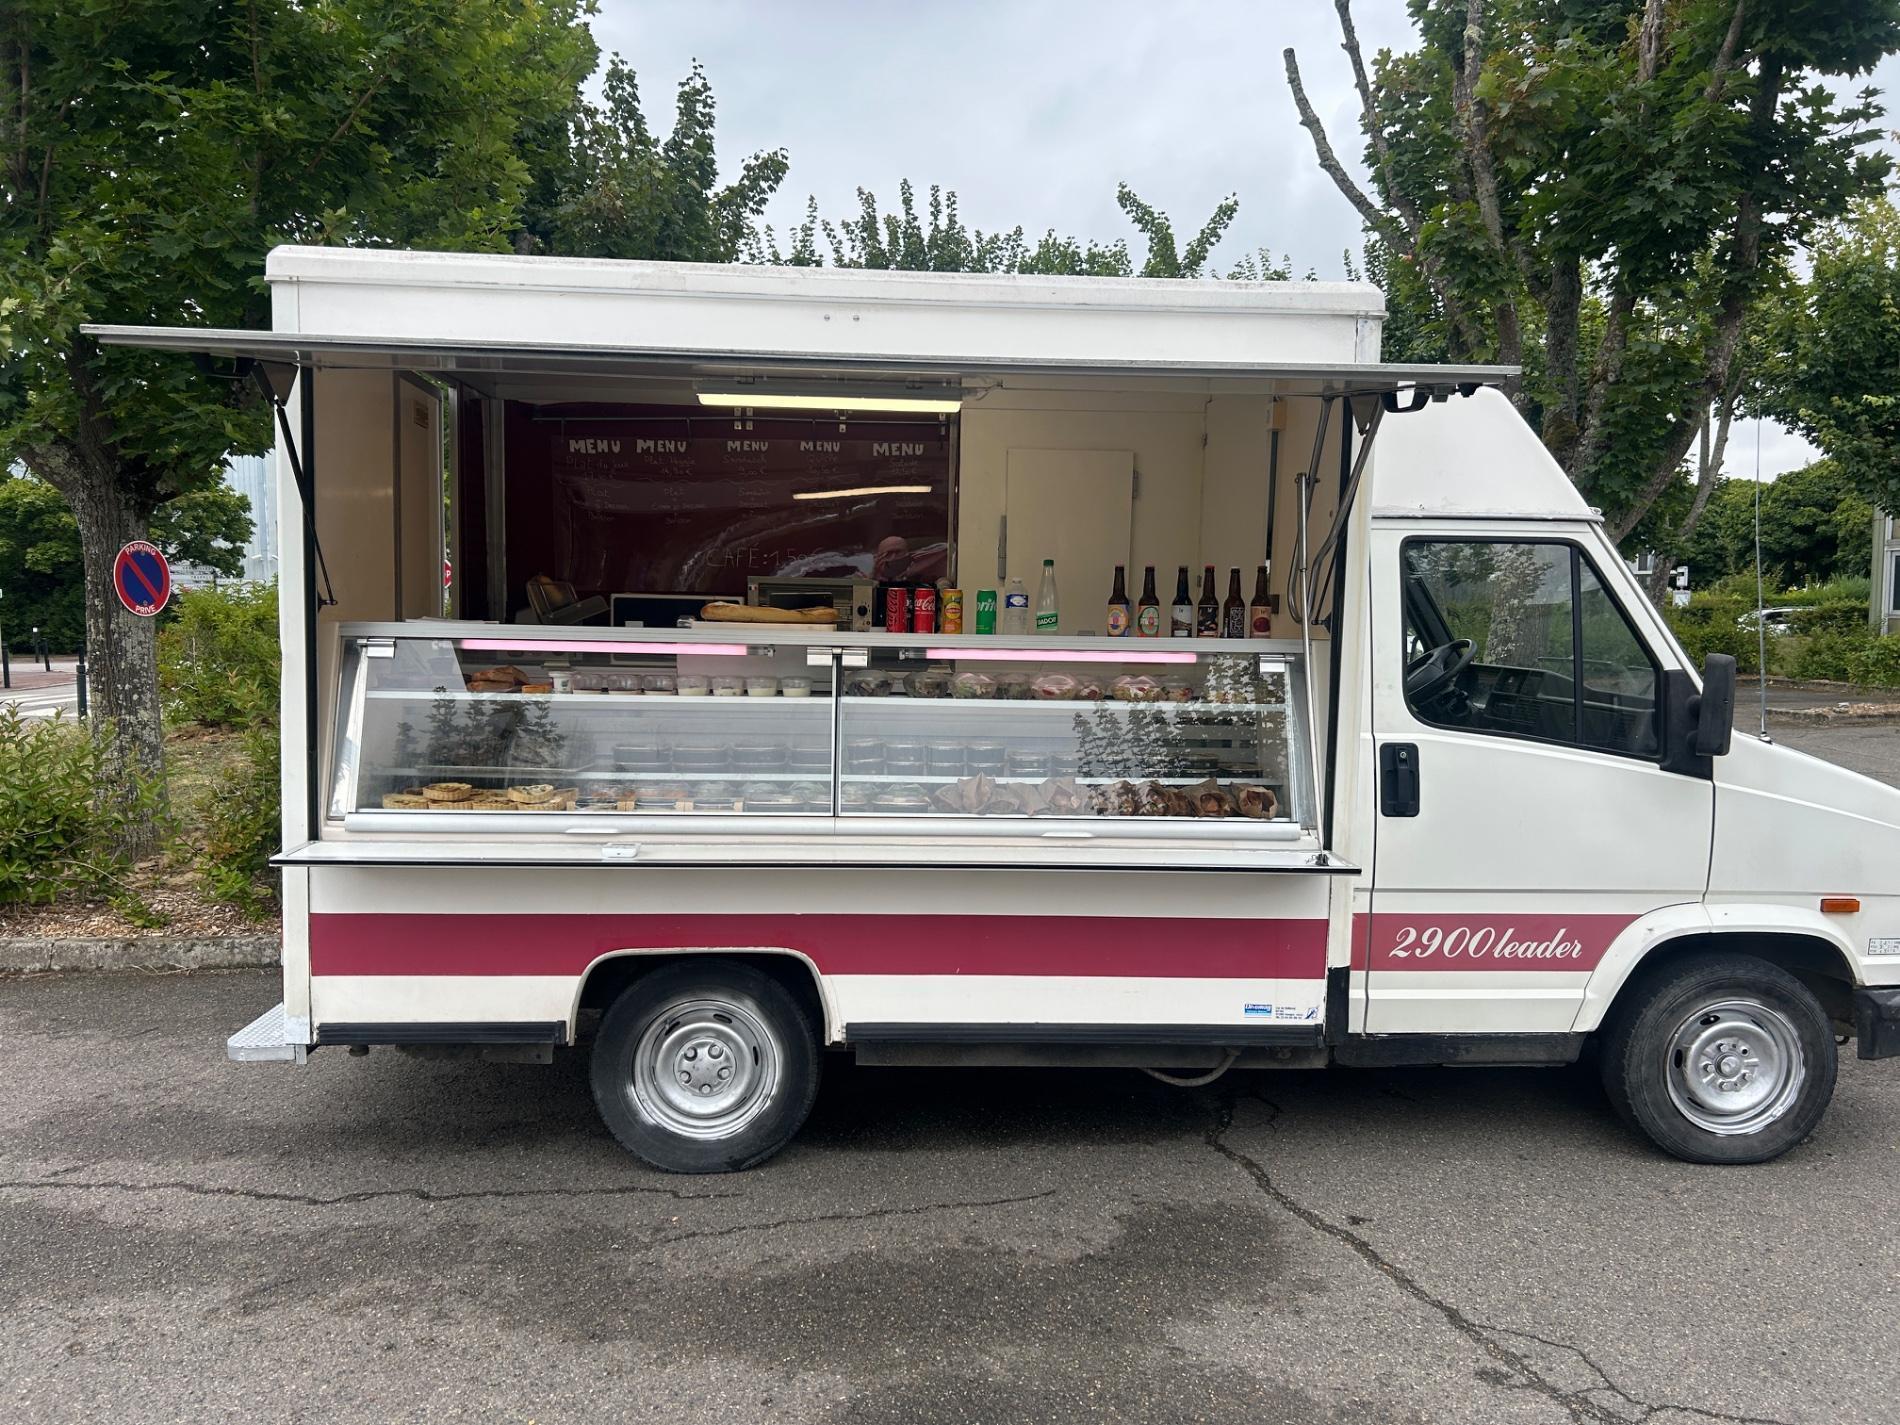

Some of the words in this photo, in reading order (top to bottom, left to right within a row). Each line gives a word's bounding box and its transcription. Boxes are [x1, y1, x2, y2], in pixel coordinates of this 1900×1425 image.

[569, 439, 621, 454] MENU
[636, 439, 687, 454] MENU
[727, 440, 769, 453] MENU
[799, 440, 841, 453] MENU
[872, 442, 925, 457] MENU
[125, 543, 156, 556] PARKING
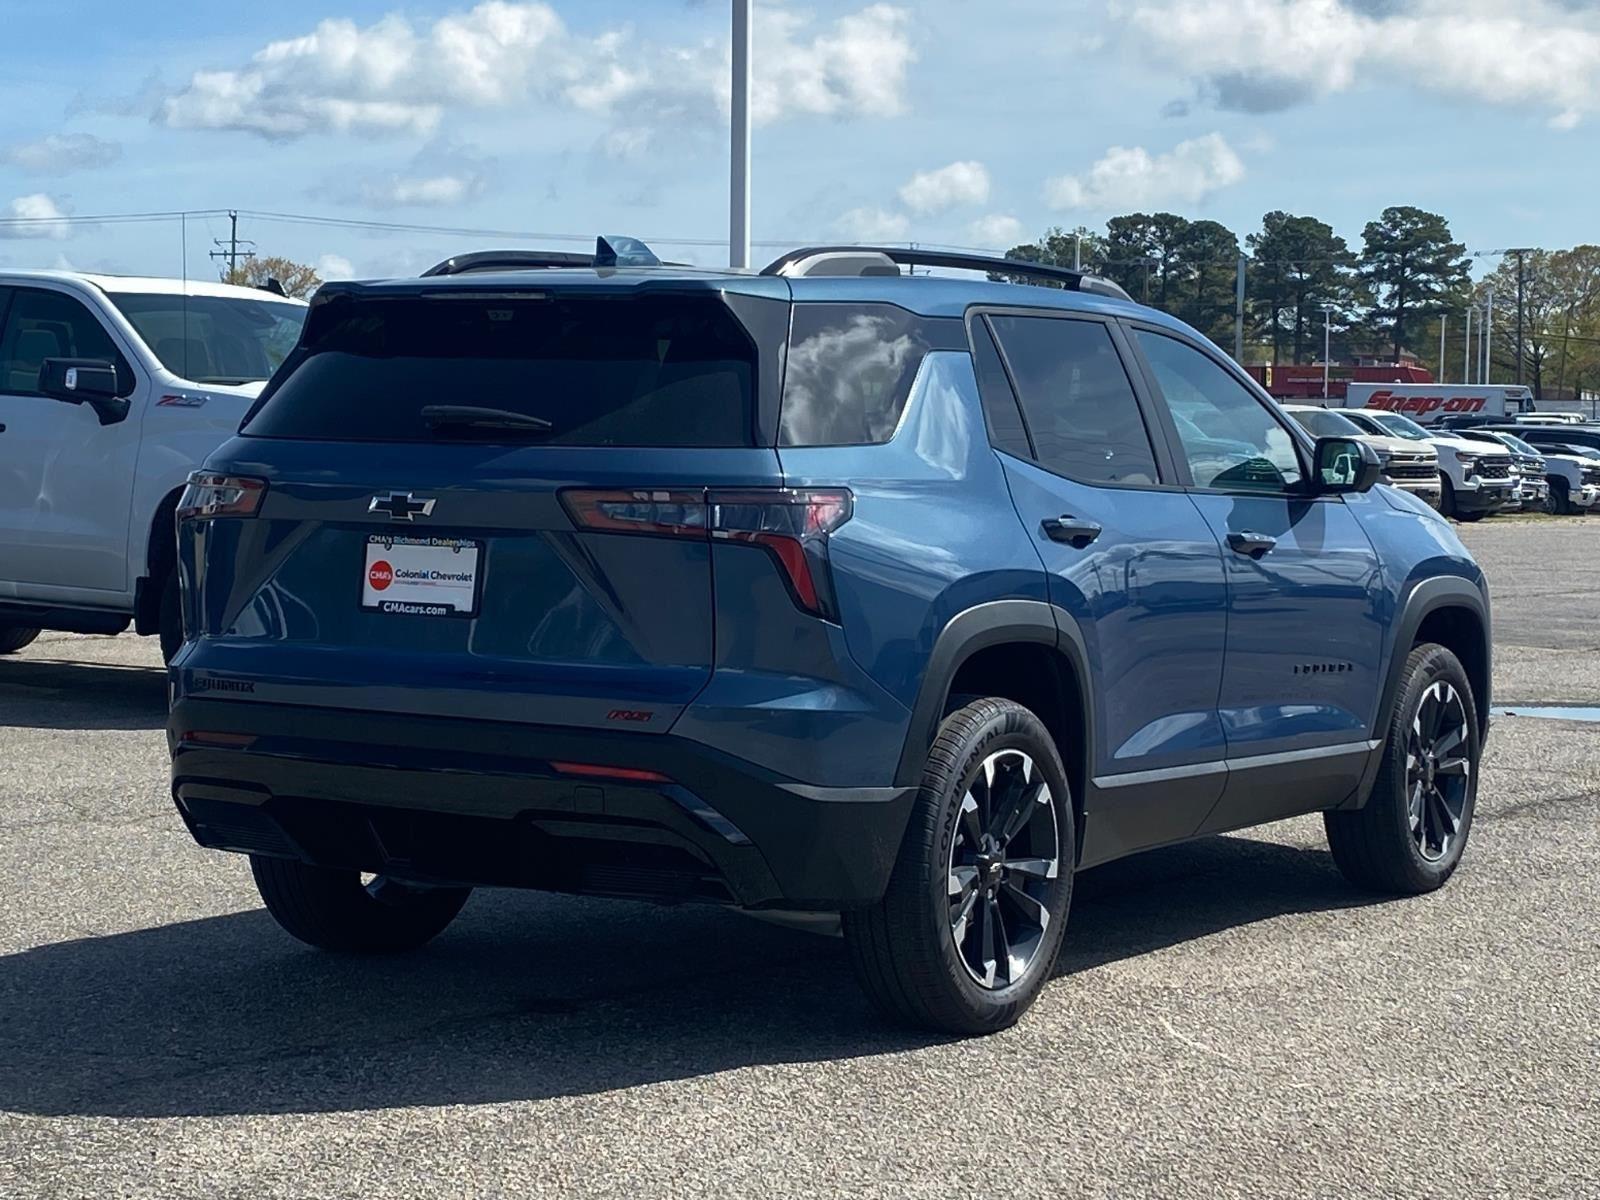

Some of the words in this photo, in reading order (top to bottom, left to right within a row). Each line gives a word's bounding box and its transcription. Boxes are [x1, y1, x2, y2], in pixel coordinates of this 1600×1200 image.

[1366, 390, 1487, 416] Snap-on
[369, 535, 392, 544] CMA's
[393, 536, 431, 545] Richmond
[432, 538, 476, 548] Dealerships
[395, 569, 429, 579] Colonial
[431, 571, 473, 582] Chevrolet
[383, 602, 447, 615] CMAcars.com
[938, 725, 1003, 869] CONTINENTAL
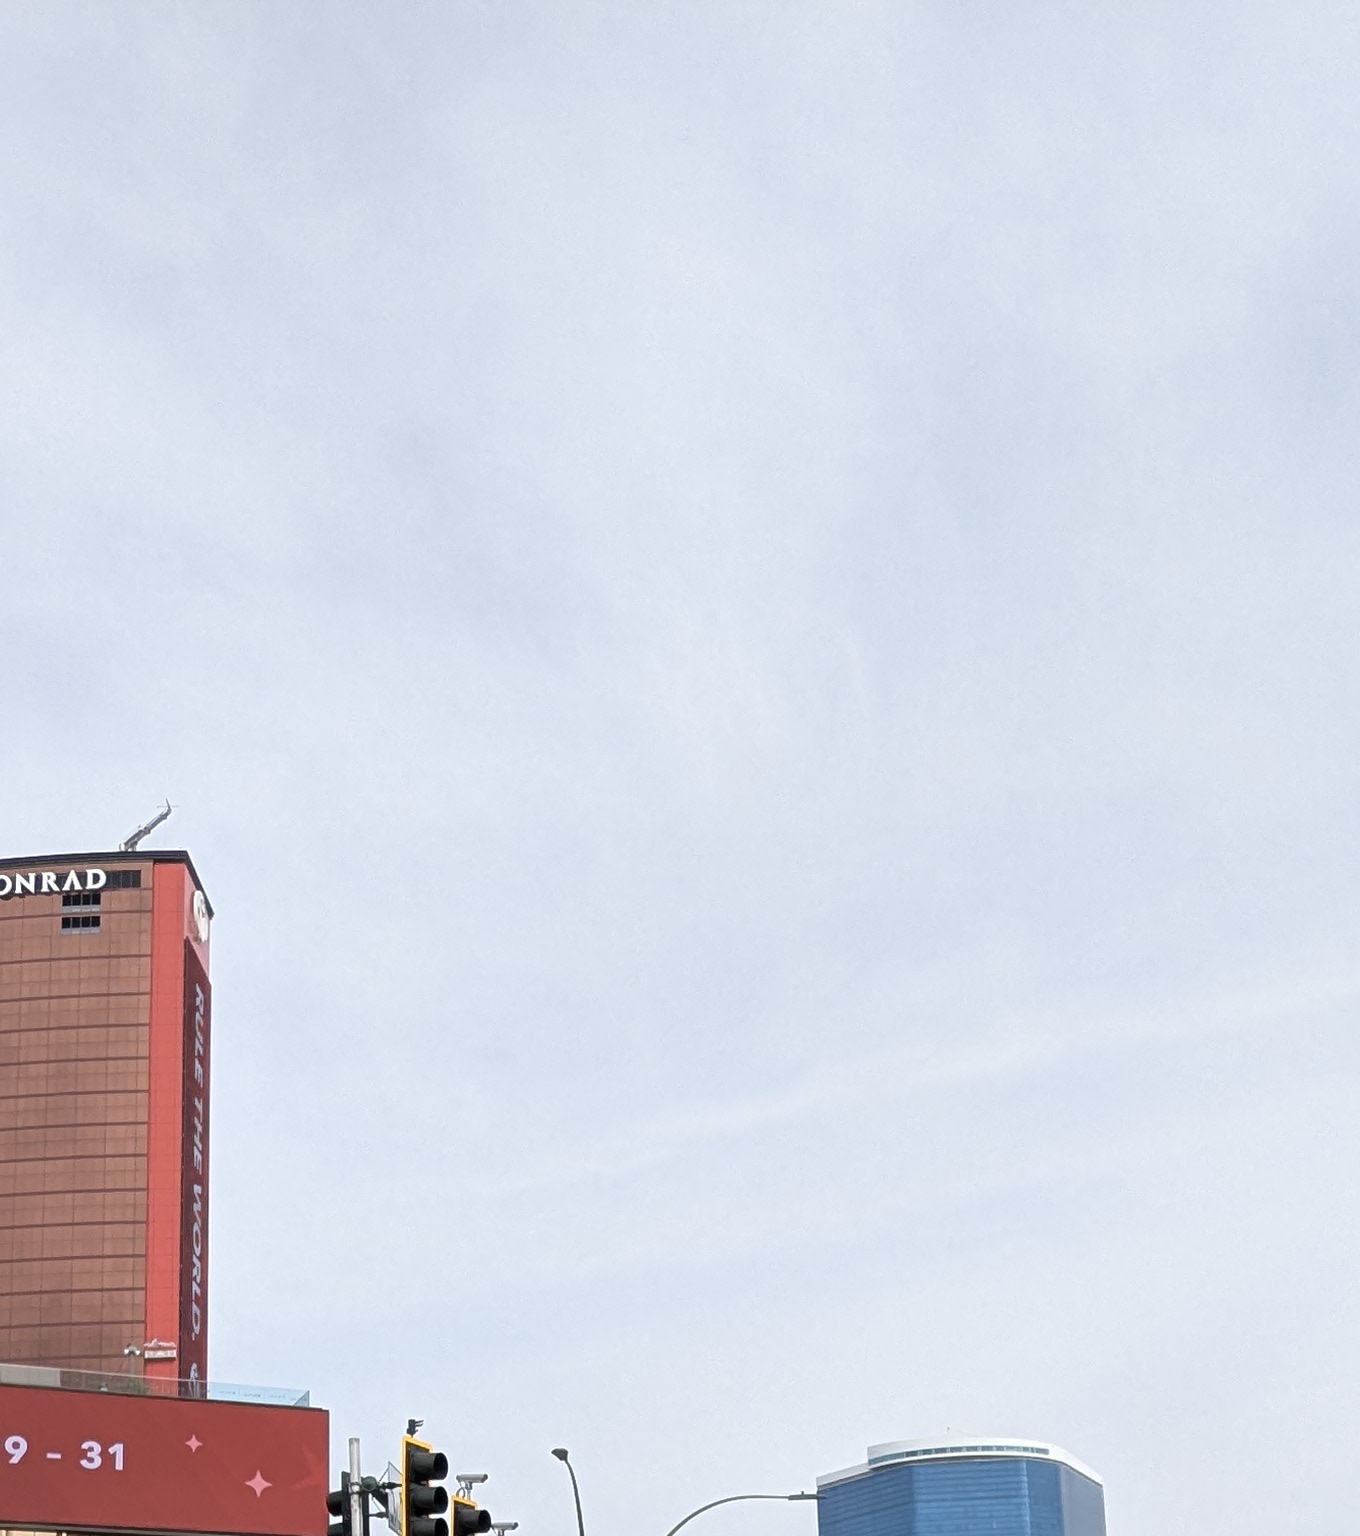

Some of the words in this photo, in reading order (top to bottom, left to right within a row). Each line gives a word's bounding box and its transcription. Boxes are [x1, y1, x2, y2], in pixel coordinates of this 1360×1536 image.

[194, 982, 205, 1089] RULE
[192, 1097, 204, 1175] THE
[80, 1441, 124, 1471] 31
:::::
» Task to carry out
Nothing but the lines from the one that holds "this 1600×1200 image." through the end of the data should appear, written out exactly, without pictures.

» Finished exercise
Some of the words in this photo, in reading order (top to bottom, left to right within a row). Each line gives a word's bounding box and its transcription. Boxes are [x1, y1, x2, y2], in pixel coordinates of this 1600×1200 image.

[1366, 390, 1487, 416] Snap-on
[369, 535, 392, 544] CMA's
[393, 536, 431, 545] Richmond
[432, 538, 476, 548] Dealerships
[395, 569, 429, 579] Colonial
[431, 571, 473, 582] Chevrolet
[383, 602, 447, 615] CMAcars.com
[938, 725, 1003, 869] CONTINENTAL

Some of the words in this photo, in reading order (top to bottom, left to right within a row). Each line gives a word's bounding box and its transcription. Boxes are [x1, y1, x2, y2], in pixel coordinates of this 1360×1536 image.

[194, 982, 205, 1089] RULE
[192, 1097, 204, 1175] THE
[80, 1441, 124, 1471] 31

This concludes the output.